Why utilities charge more during peak hours
Electricity can't be cheaply stored at grid scale, so generation must match demand in real time. During evening peak (4–9pm in most US regions), demand spikes as people come home, cook dinner, run AC, and turn on lights. Utilities meet this spike by firing up "peaker plants" — typically natural gas turbines that are expensive to run but fast to start. Overnight, demand collapses and base-load plants (nuclear, coal, hydro, wind) run underutilized.
TOU pricing passes those real-time generation costs to consumers. A peak rate of $0.42/kWh in California isn't a markup — it's roughly what the utility pays to generate that kWh. An off-peak rate of $0.18/kWh reflects the cheap overnight baseload. The spread exists because the underlying generation cost varies dramatically.
Typical TOU rate structures
Most US TOU plans have a 2-tier structure: peak (typically 4–9pm weekdays) and off-peak (everything else, plus all weekend). Some add a third "mid-peak" tier in the morning and early afternoon. The peak/off-peak spread varies:
- California (PG&E, SCE, SDG&E): $0.42 peak / $0.18 off-peak (2.3× spread)

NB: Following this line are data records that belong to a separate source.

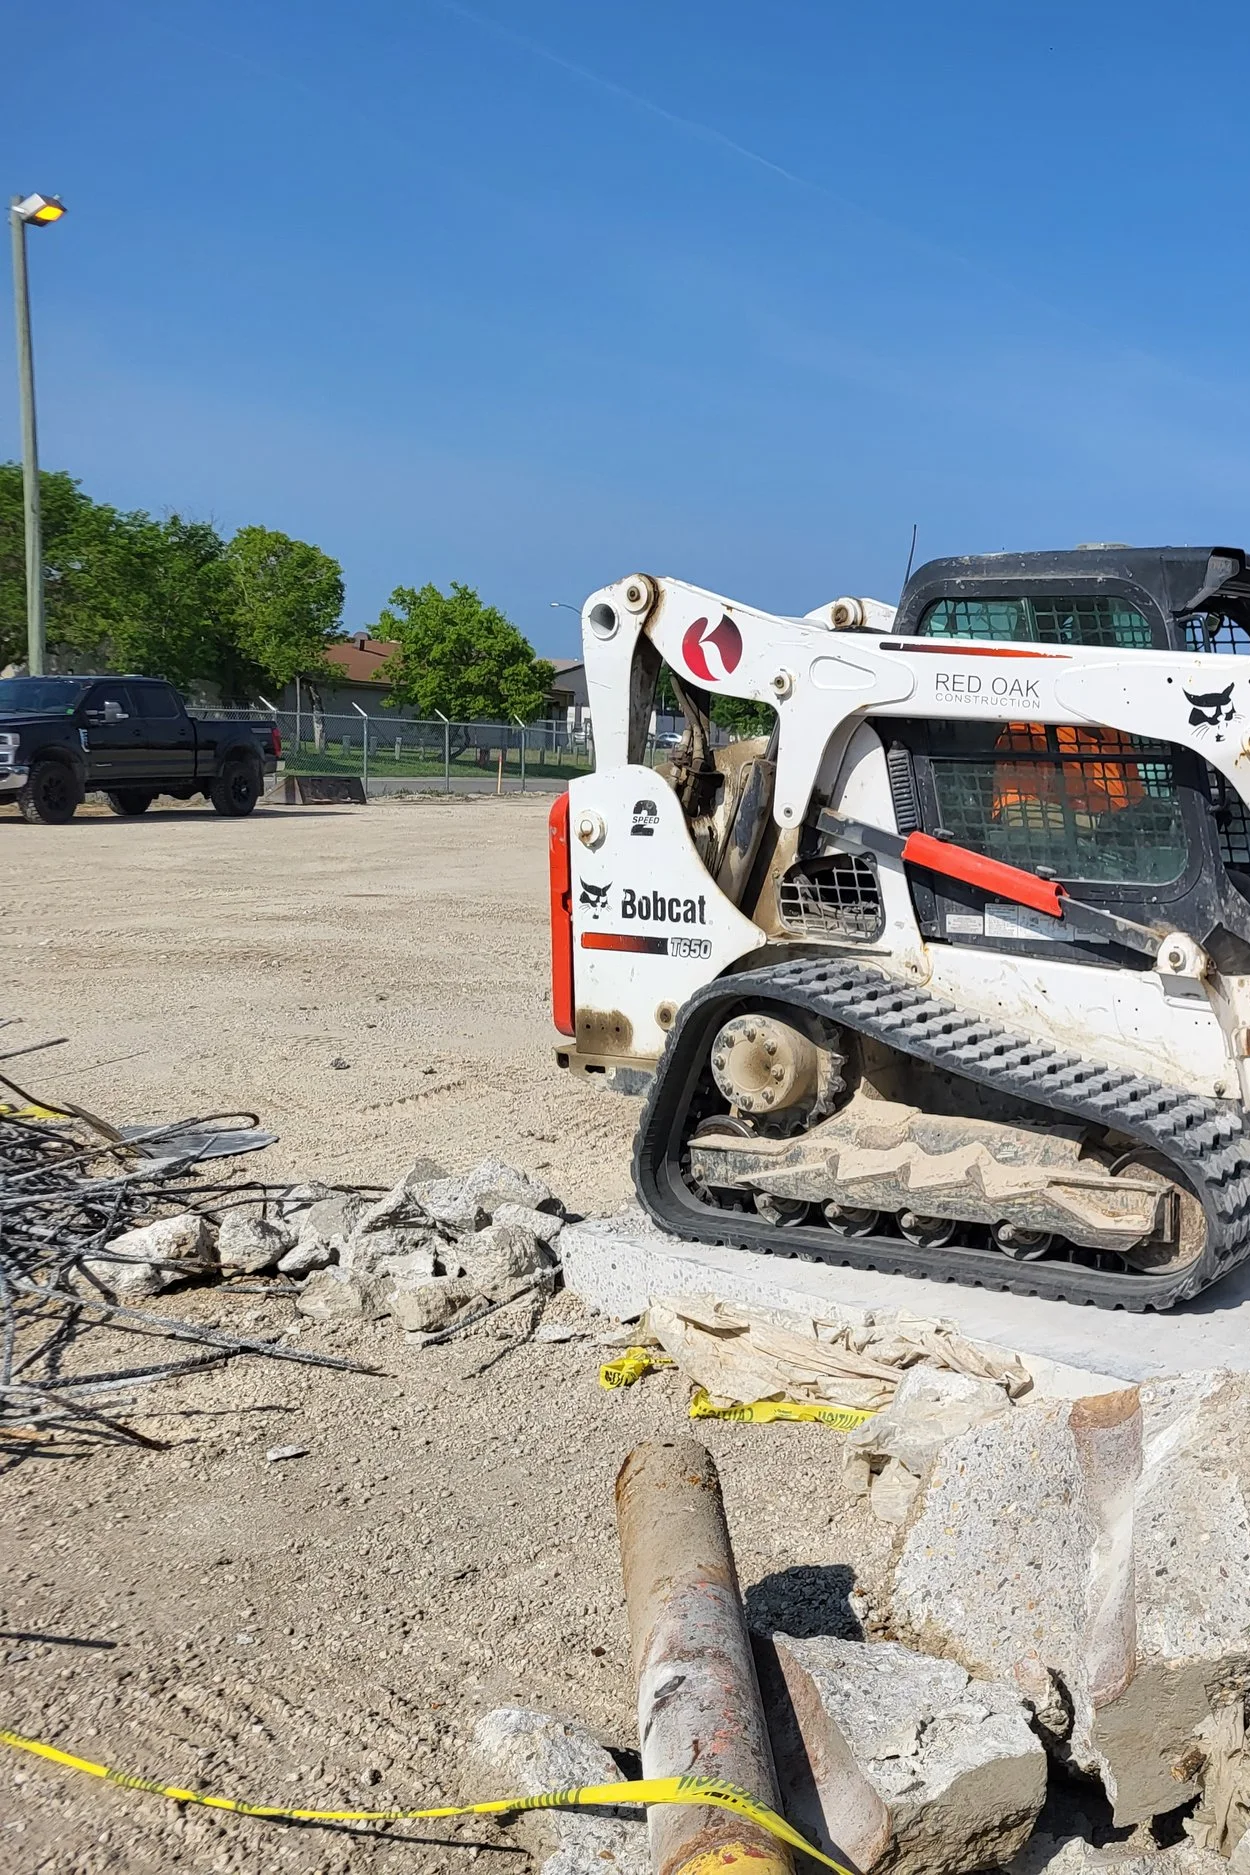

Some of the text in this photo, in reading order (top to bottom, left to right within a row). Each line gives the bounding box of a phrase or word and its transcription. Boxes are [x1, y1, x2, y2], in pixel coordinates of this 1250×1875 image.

[935, 673, 1040, 698] RED OAK
[935, 692, 1041, 709] CONSTRUCTION
[630, 799, 658, 837] 2
[632, 815, 660, 824] SPEED
[621, 888, 706, 925] Bobcat
[670, 937, 712, 959] T650
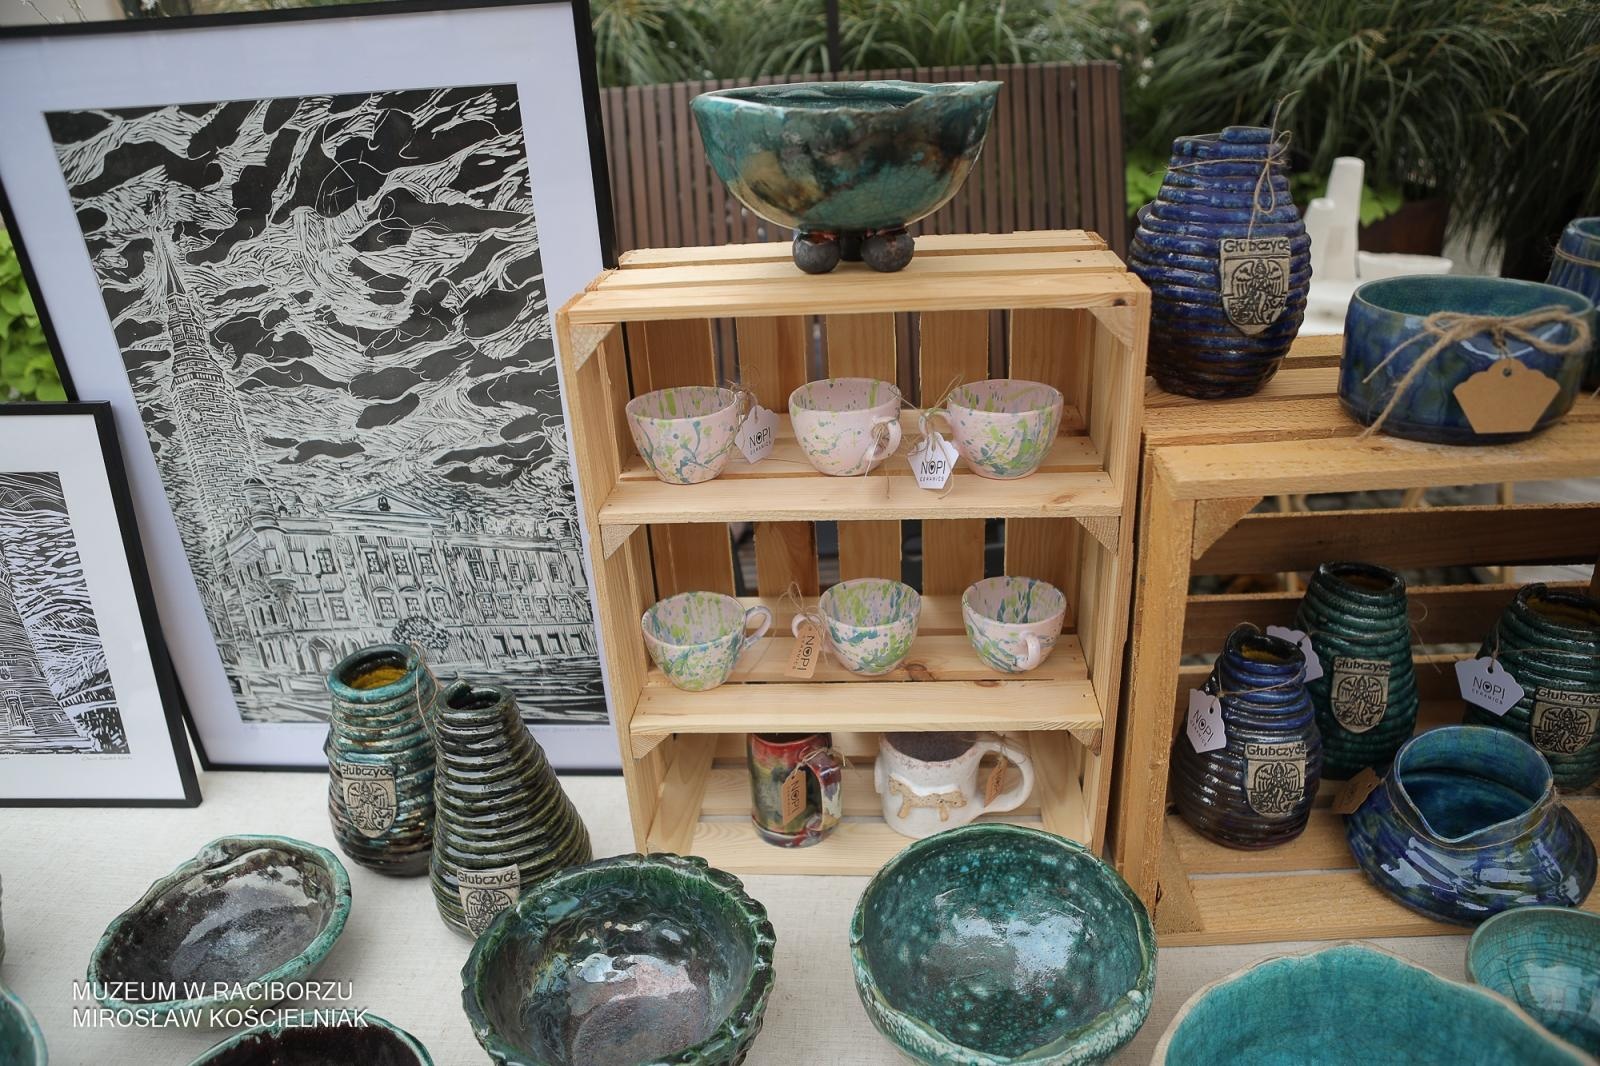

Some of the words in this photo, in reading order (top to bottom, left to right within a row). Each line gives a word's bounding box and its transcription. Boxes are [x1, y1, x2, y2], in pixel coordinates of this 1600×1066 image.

[749, 426, 771, 449] NOPI
[920, 460, 946, 475] NOPI
[797, 635, 815, 671] NOPI
[1472, 675, 1505, 700] NOPI
[1192, 709, 1214, 743] NOPI

- Massachusetts (Eversource, National Grid): $0.32 peak / $0.12 off-peak (2.7× spread)
- Hawaii (Hawaiian Electric): $0.55 peak / $0.30 off-peak (1.8× spread)
- New York (ConEd, NYSEG): $0.32 peak / $0.10 off-peak (3.2× spread)

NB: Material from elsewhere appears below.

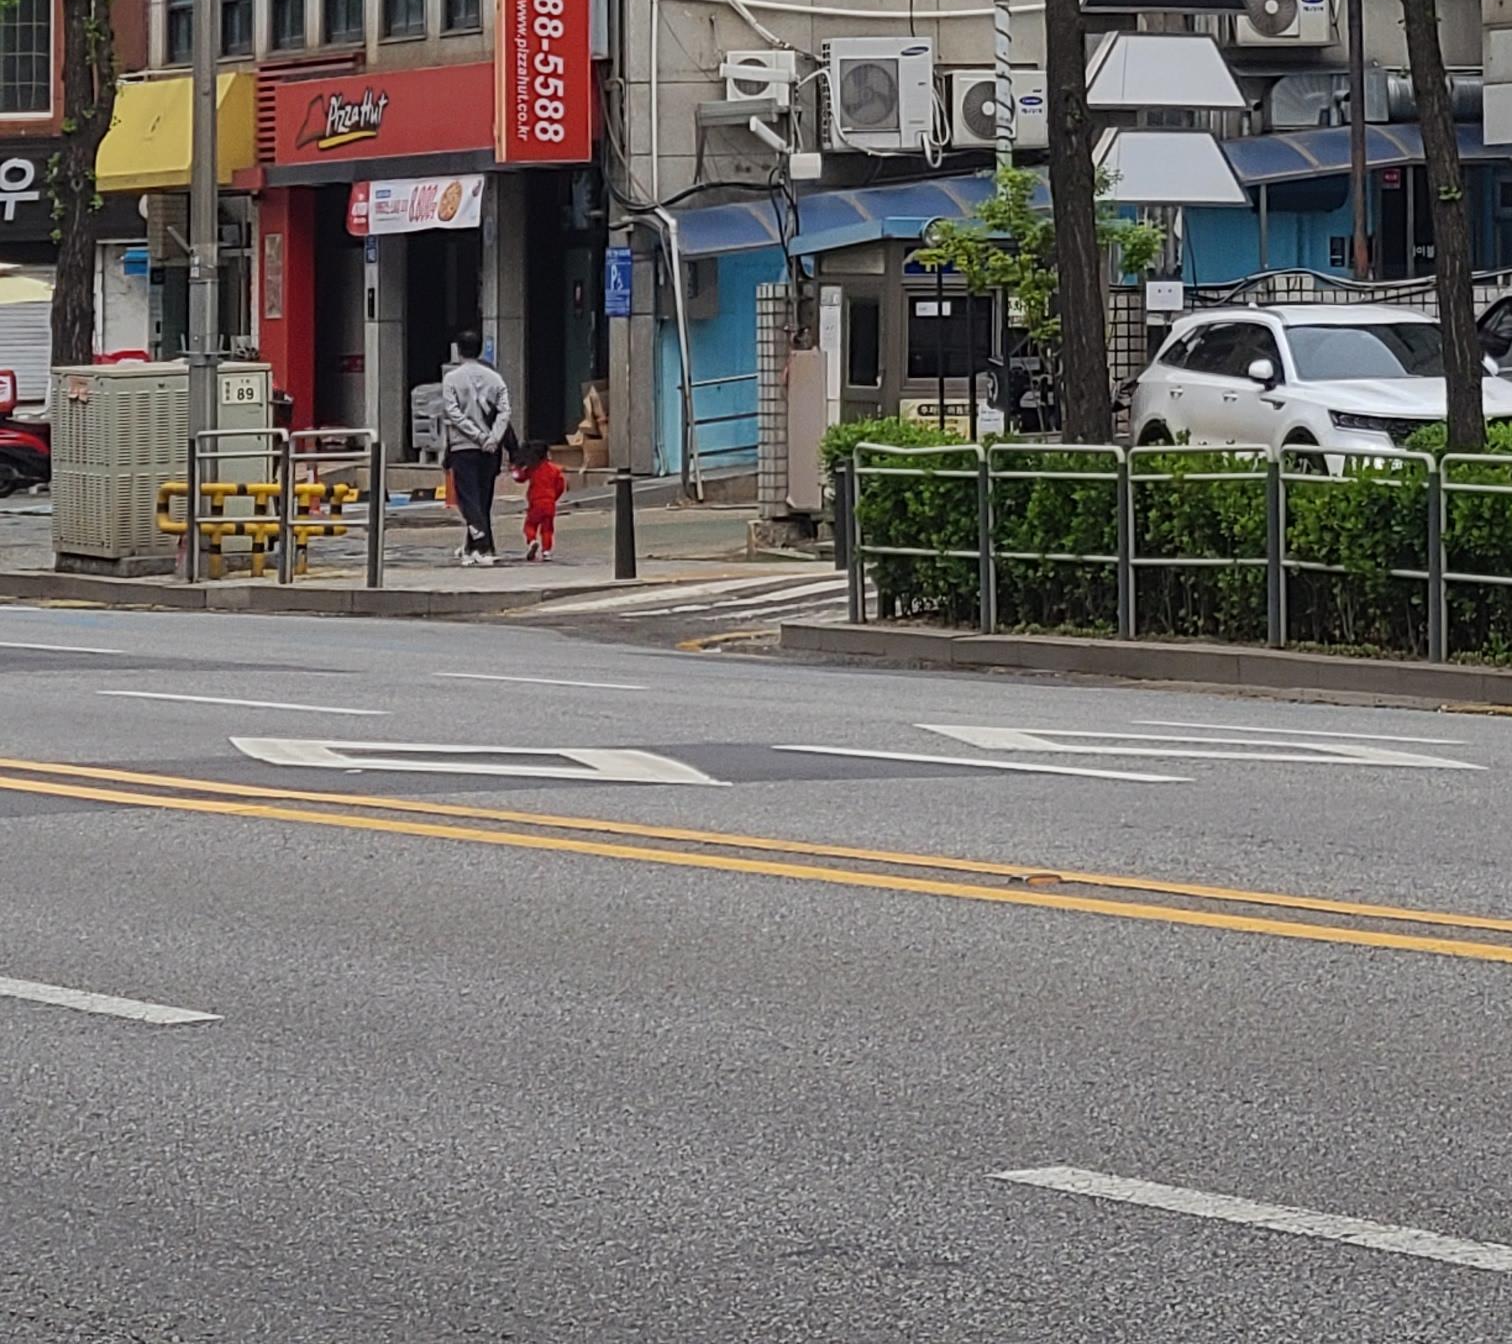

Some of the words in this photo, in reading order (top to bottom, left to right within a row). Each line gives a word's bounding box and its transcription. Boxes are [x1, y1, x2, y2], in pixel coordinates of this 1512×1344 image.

[514, 0, 531, 142] www.pizzahut.co.kr
[325, 94, 359, 138] Pizza
[359, 87, 389, 127] Hut
[236, 387, 255, 401] 89

- South Africa (Cape Town, Johannesburg): R5.10 peak / R1.90 off-peak (2.7× spread)
The wider the spread, the more worthwhile load shifting becomes. In New York or California with 3× spreads, TOU is almost always worth it. In Hawaii with only 1.8× spread, the savings are smaller but still positive.

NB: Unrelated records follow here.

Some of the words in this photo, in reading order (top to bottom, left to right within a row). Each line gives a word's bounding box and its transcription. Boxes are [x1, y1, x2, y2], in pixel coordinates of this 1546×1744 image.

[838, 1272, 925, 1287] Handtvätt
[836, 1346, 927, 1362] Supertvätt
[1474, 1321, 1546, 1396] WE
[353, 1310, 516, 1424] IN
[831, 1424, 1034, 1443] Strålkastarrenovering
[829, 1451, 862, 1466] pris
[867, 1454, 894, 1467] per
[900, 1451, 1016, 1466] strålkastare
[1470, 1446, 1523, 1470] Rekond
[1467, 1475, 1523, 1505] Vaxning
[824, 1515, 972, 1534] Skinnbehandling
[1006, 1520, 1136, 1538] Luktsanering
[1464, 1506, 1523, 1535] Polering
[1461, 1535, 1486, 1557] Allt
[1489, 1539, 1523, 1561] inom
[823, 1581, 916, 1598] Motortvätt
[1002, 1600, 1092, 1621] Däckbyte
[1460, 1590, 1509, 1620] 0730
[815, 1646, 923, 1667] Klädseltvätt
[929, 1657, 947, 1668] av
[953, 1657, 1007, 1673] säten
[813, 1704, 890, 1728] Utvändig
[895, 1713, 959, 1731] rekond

What's shiftable, what isn't
Not every load can be moved. The trick is to identify the 60–80% of shiftable kWh and move them aggressively, while accepting that the rest will hit peak rates.
Easily shiftable (load it overnight): dishwasher (delay-start feature), clothes washer and dryer (run after 10pm or on weekends), EV charging (schedule in car or charger app), water heater (timer on tank), pool pump (timer), slow cooker, robot vacuum, battery charging for power tools.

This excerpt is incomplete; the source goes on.